**Extracted data**
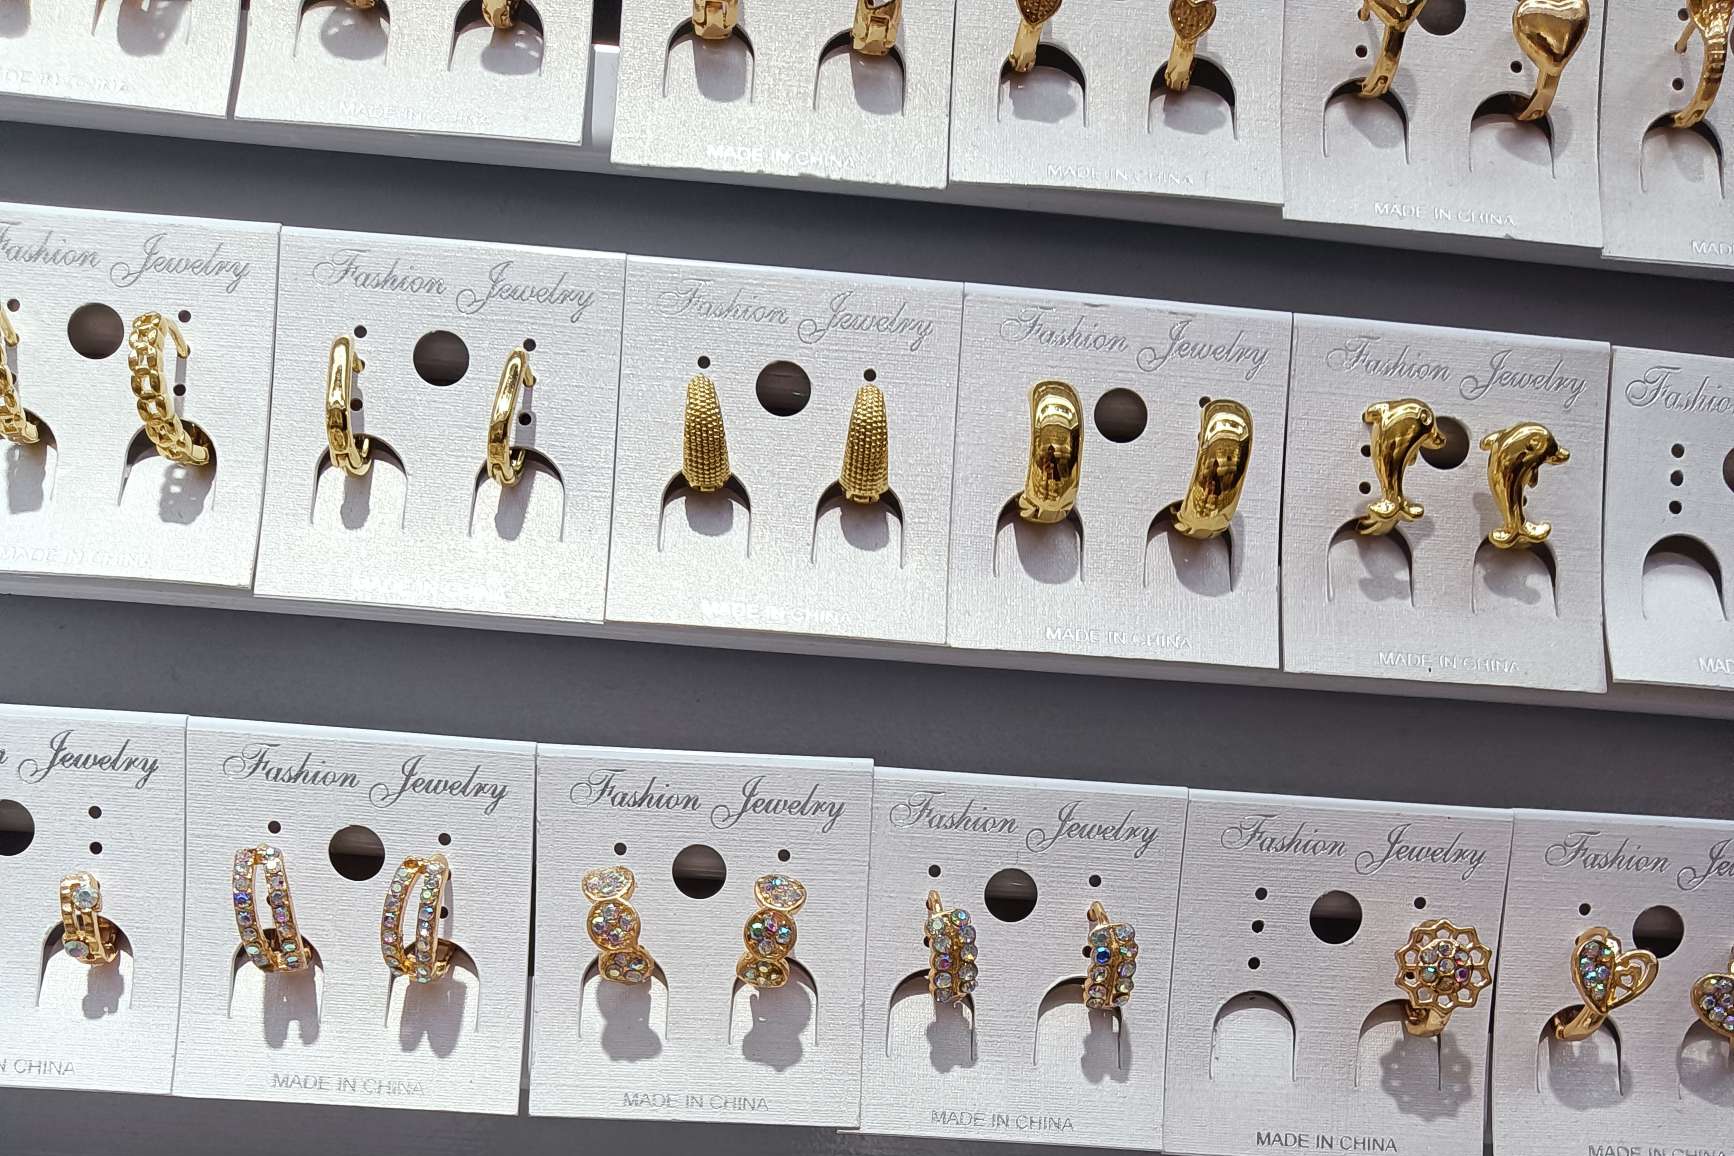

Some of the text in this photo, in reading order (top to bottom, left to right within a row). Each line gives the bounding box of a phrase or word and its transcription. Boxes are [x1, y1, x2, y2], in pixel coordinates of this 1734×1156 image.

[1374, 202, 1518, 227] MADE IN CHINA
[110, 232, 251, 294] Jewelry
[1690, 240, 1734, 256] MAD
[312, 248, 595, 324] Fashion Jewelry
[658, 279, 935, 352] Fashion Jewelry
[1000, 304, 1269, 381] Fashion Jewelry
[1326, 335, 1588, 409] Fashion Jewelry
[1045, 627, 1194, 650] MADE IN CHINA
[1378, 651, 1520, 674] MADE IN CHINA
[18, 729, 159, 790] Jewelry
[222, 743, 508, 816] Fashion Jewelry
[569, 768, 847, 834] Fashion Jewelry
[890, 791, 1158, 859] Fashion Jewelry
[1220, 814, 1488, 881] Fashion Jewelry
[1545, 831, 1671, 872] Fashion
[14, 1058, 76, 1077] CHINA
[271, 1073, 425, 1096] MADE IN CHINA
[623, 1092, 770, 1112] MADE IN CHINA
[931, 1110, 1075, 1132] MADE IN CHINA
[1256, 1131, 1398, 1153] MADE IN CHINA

**Assignment**
Quote every record above exactly, omitting any pictures they contain.

**Finished task**
Some of the text in this photo, in reading order (top to bottom, left to right within a row). Each line gives the bounding box of a phrase or word and its transcription. Boxes are [x1, y1, x2, y2], in pixel coordinates of this 1734×1156 image.

[1374, 202, 1518, 227] MADE IN CHINA
[110, 232, 251, 294] Jewelry
[1690, 240, 1734, 256] MAD
[312, 248, 595, 324] Fashion Jewelry
[658, 279, 935, 352] Fashion Jewelry
[1000, 304, 1269, 381] Fashion Jewelry
[1326, 335, 1588, 409] Fashion Jewelry
[1045, 627, 1194, 650] MADE IN CHINA
[1378, 651, 1520, 674] MADE IN CHINA
[18, 729, 159, 790] Jewelry
[222, 743, 508, 816] Fashion Jewelry
[569, 768, 847, 834] Fashion Jewelry
[890, 791, 1158, 859] Fashion Jewelry
[1220, 814, 1488, 881] Fashion Jewelry
[1545, 831, 1671, 872] Fashion
[14, 1058, 76, 1077] CHINA
[271, 1073, 425, 1096] MADE IN CHINA
[623, 1092, 770, 1112] MADE IN CHINA
[931, 1110, 1075, 1132] MADE IN CHINA
[1256, 1131, 1398, 1153] MADE IN CHINA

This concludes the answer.